SUPPLIED DATA:
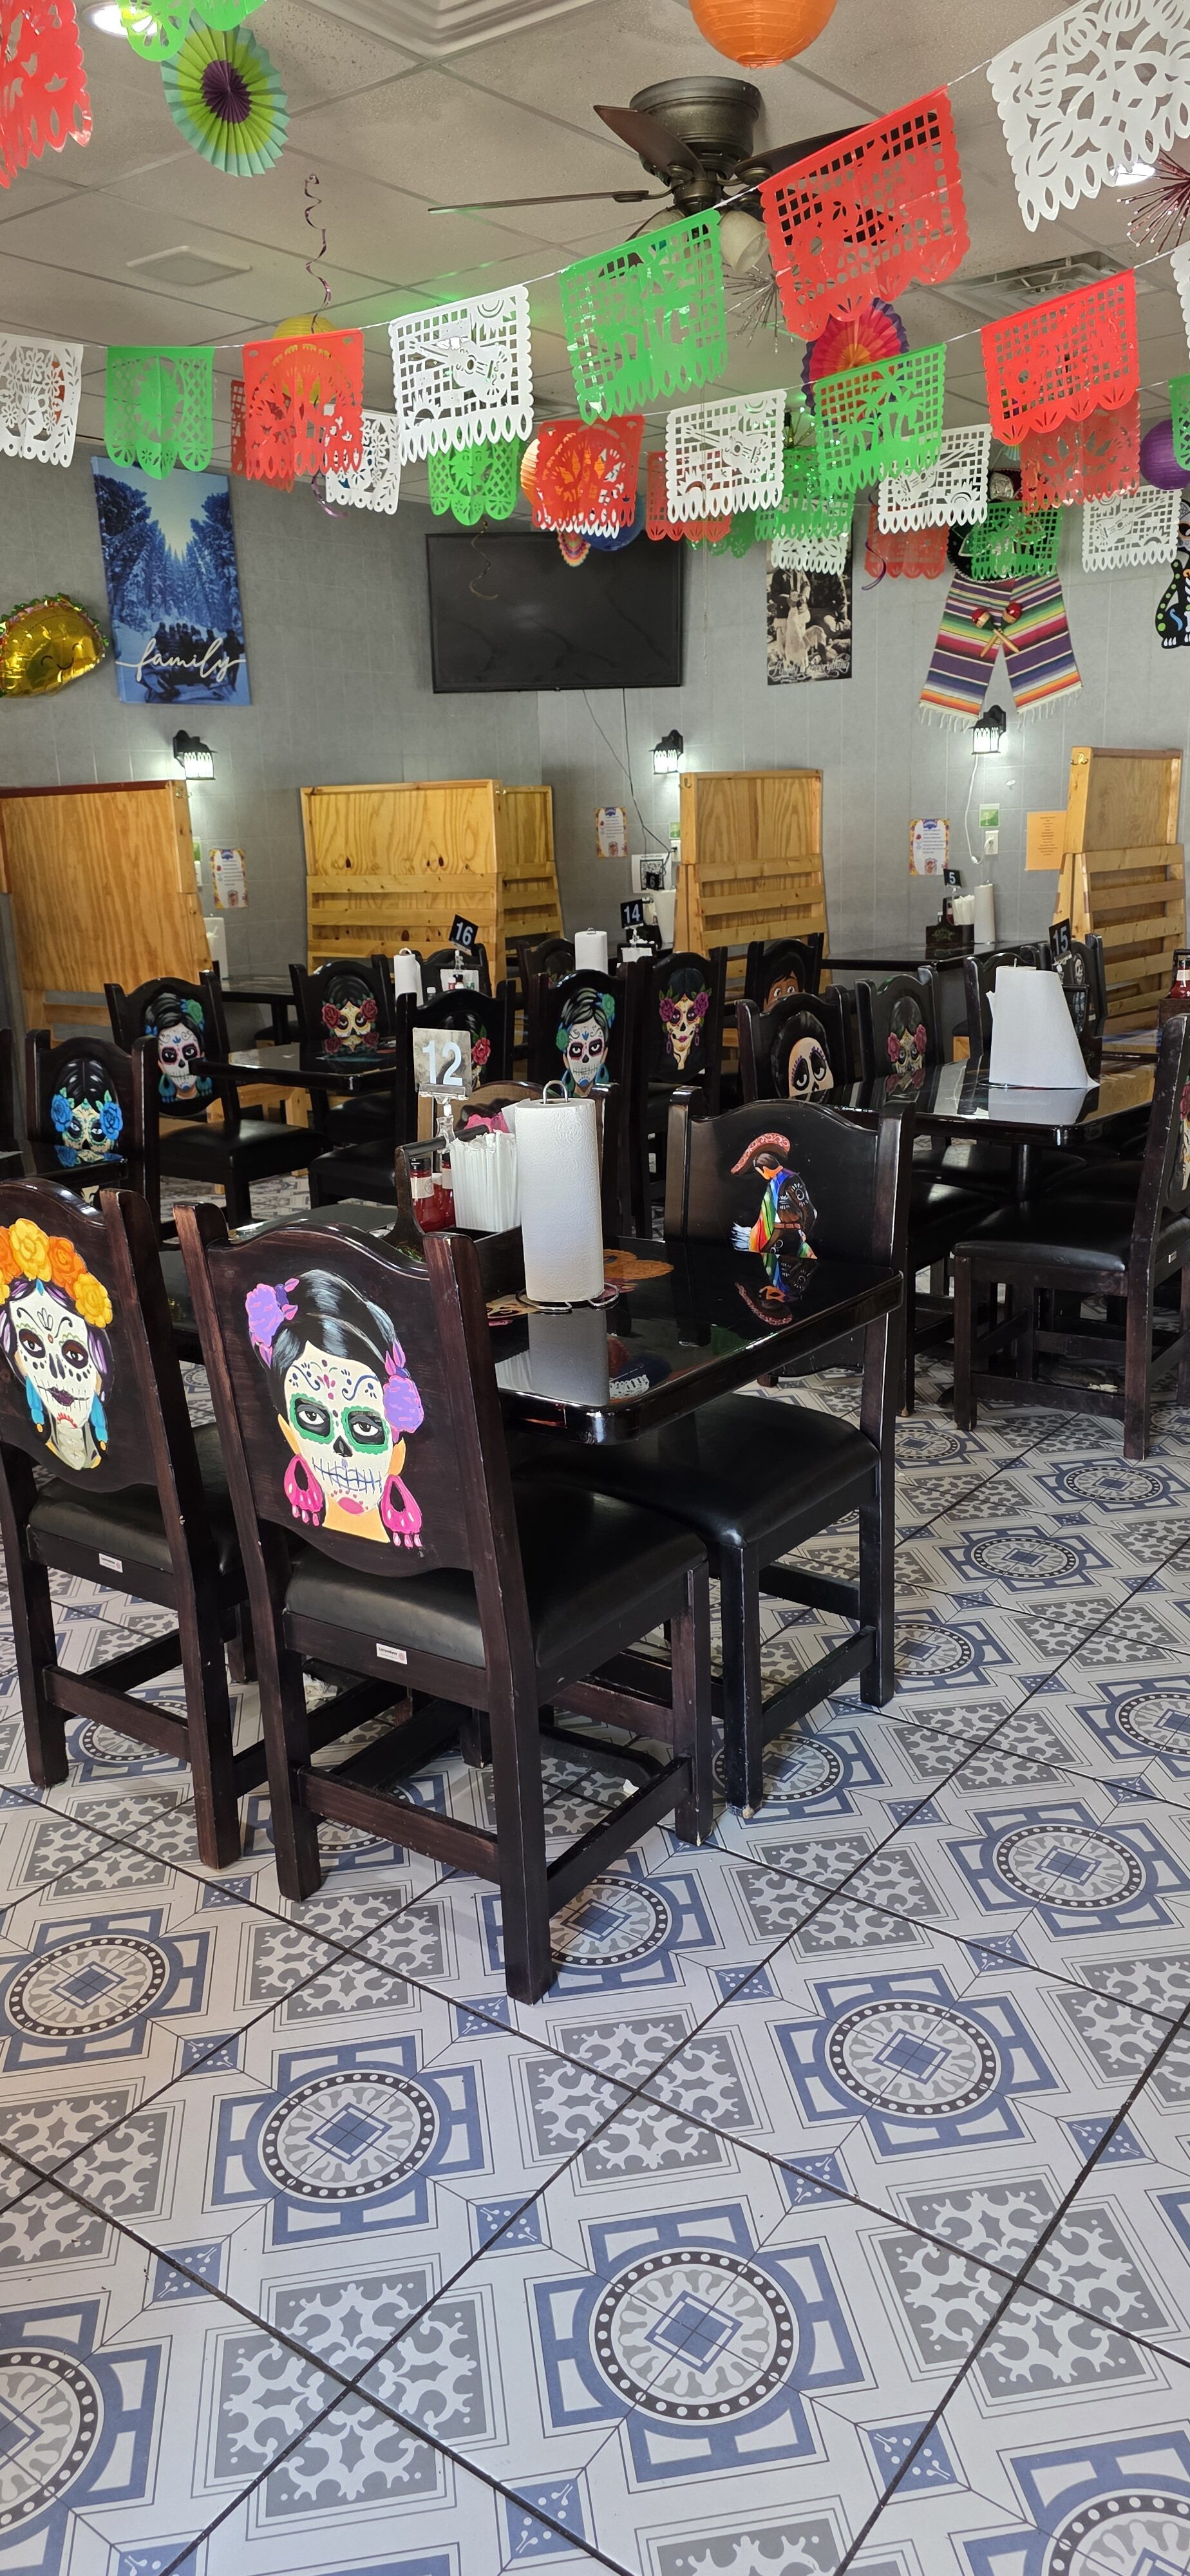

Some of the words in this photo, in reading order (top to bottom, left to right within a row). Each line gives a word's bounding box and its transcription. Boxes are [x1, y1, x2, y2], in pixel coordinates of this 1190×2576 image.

[115, 638, 247, 683] family
[650, 875, 656, 887] 6
[949, 871, 956, 885] 5
[624, 904, 640, 923] 14
[456, 922, 473, 945] 16
[1053, 925, 1068, 955] 15
[422, 1040, 463, 1086] 12
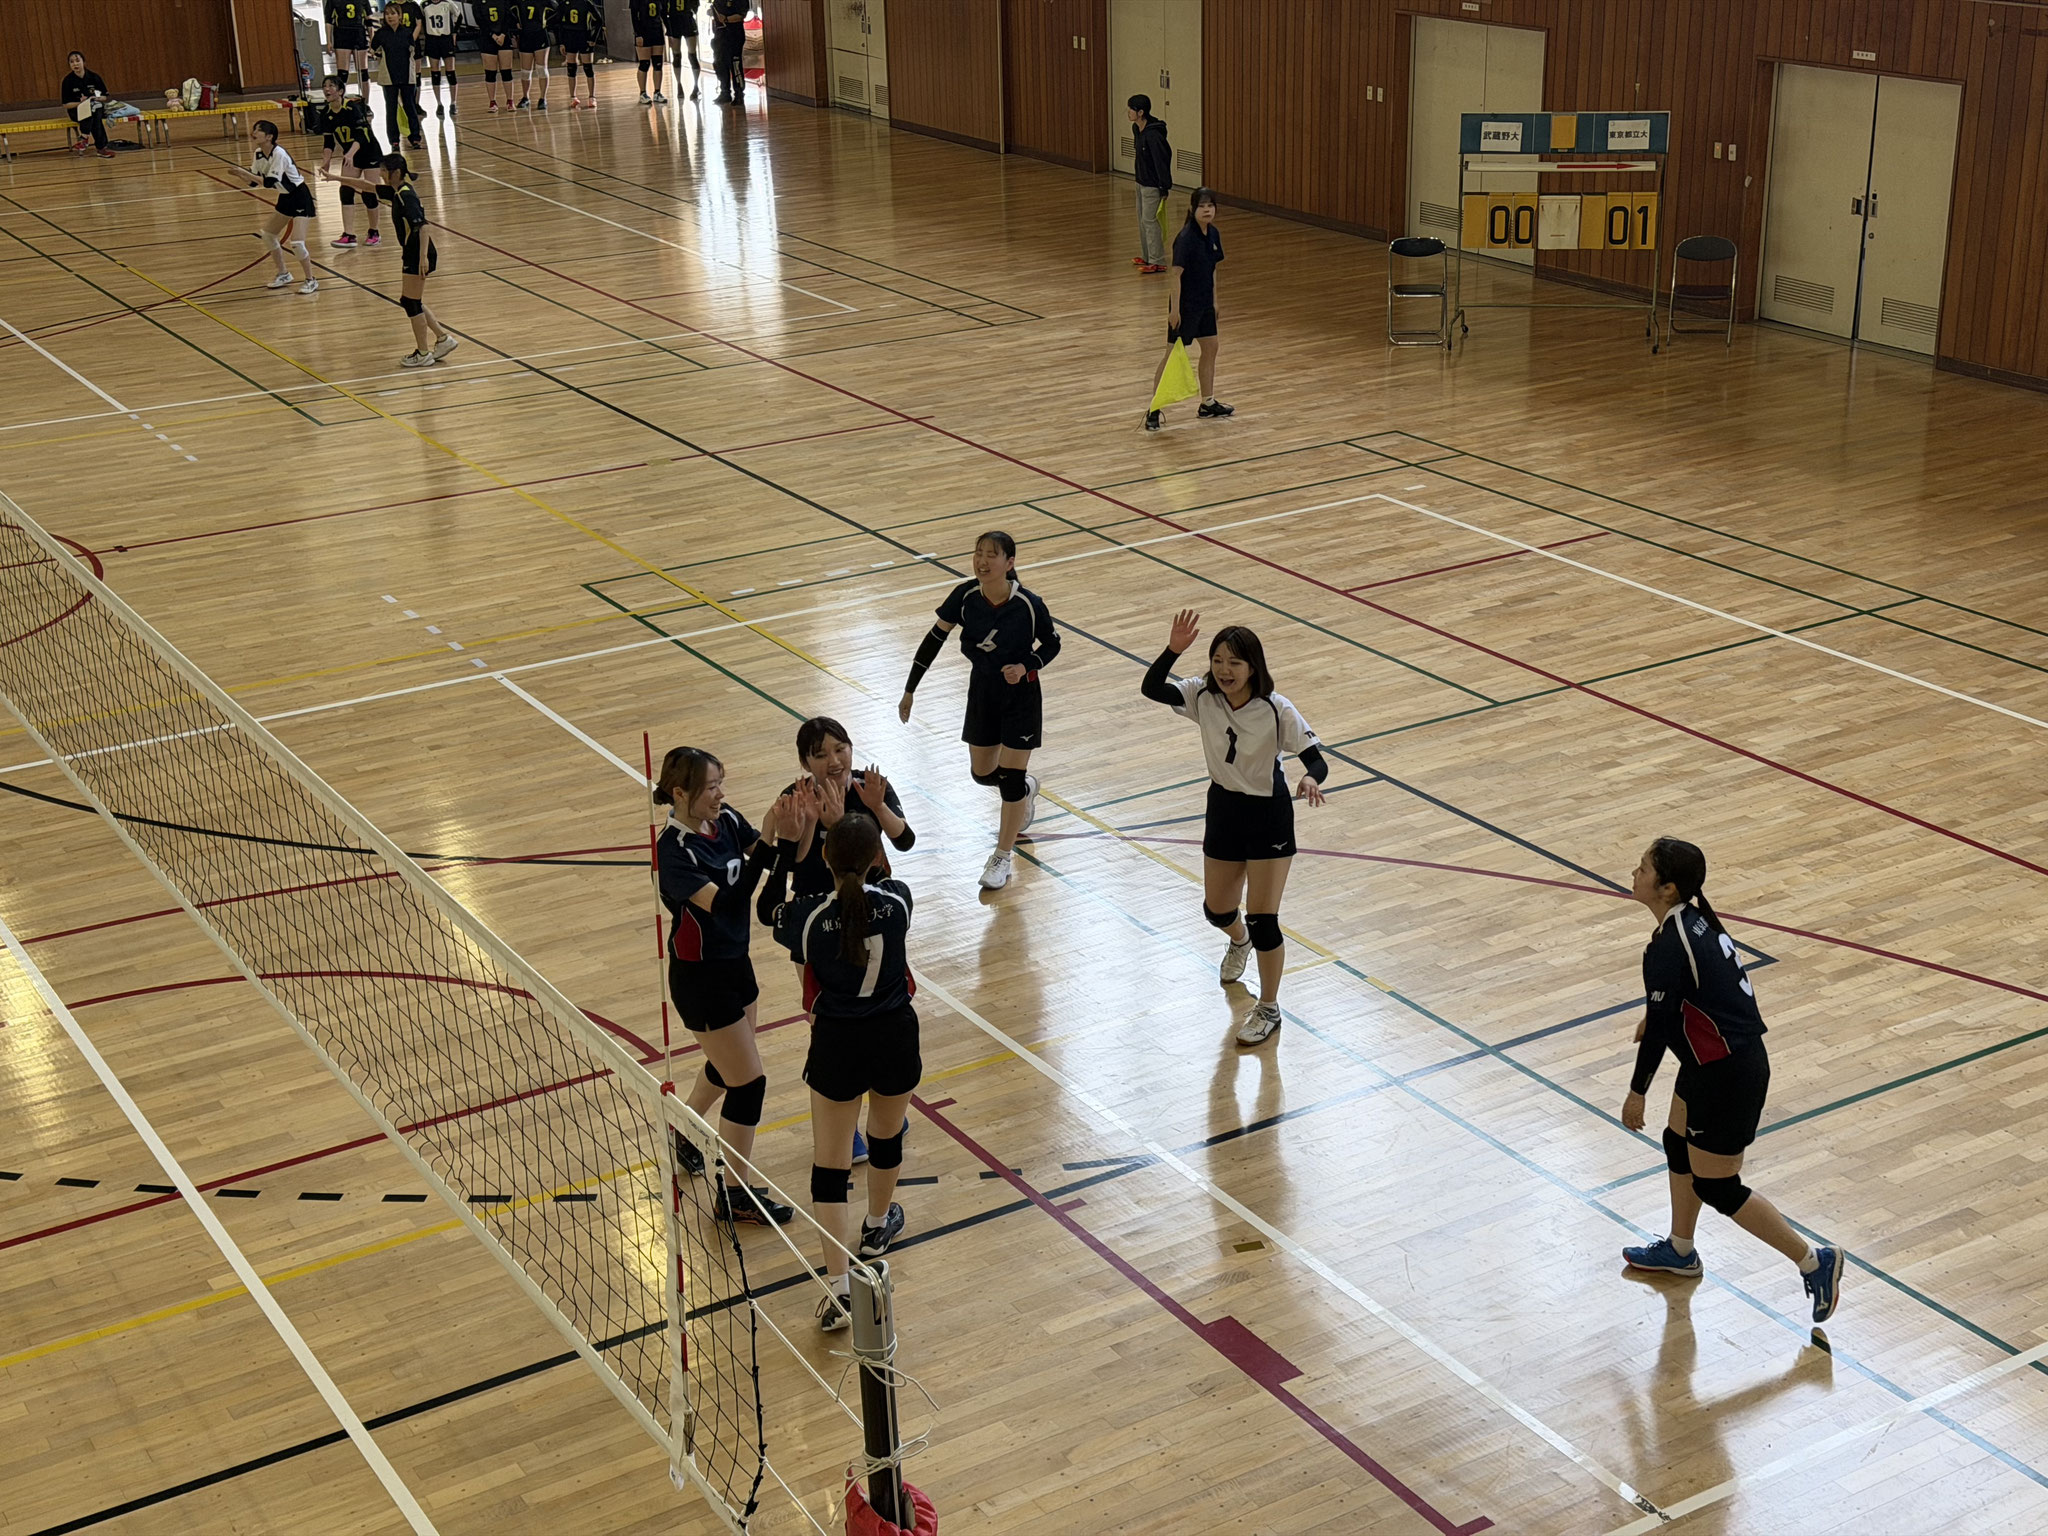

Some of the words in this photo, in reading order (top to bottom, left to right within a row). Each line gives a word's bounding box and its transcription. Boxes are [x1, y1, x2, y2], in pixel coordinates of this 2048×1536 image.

WHAT YOU NEED TO DO:
Omitting the pictures, write out the material above exactly as it stands.

RESULT FOR THIS TASK:
Some of the words in this photo, in reading order (top to bottom, left to right within a row). Each line gives a word's bounding box and its transcription. Boxes are [x1, y1, x2, y2], in pixel coordinates of this 1190×2576 image.

[115, 638, 247, 683] family
[650, 875, 656, 887] 6
[949, 871, 956, 885] 5
[624, 904, 640, 923] 14
[456, 922, 473, 945] 16
[1053, 925, 1068, 955] 15
[422, 1040, 463, 1086] 12

Some of the words in this photo, in reading order (top to bottom, left to right within a row). Each line gives a word's bounding box and its transcription. Boxes are [x1, y1, x2, y2], in pixel coordinates of this 2048×1536 image.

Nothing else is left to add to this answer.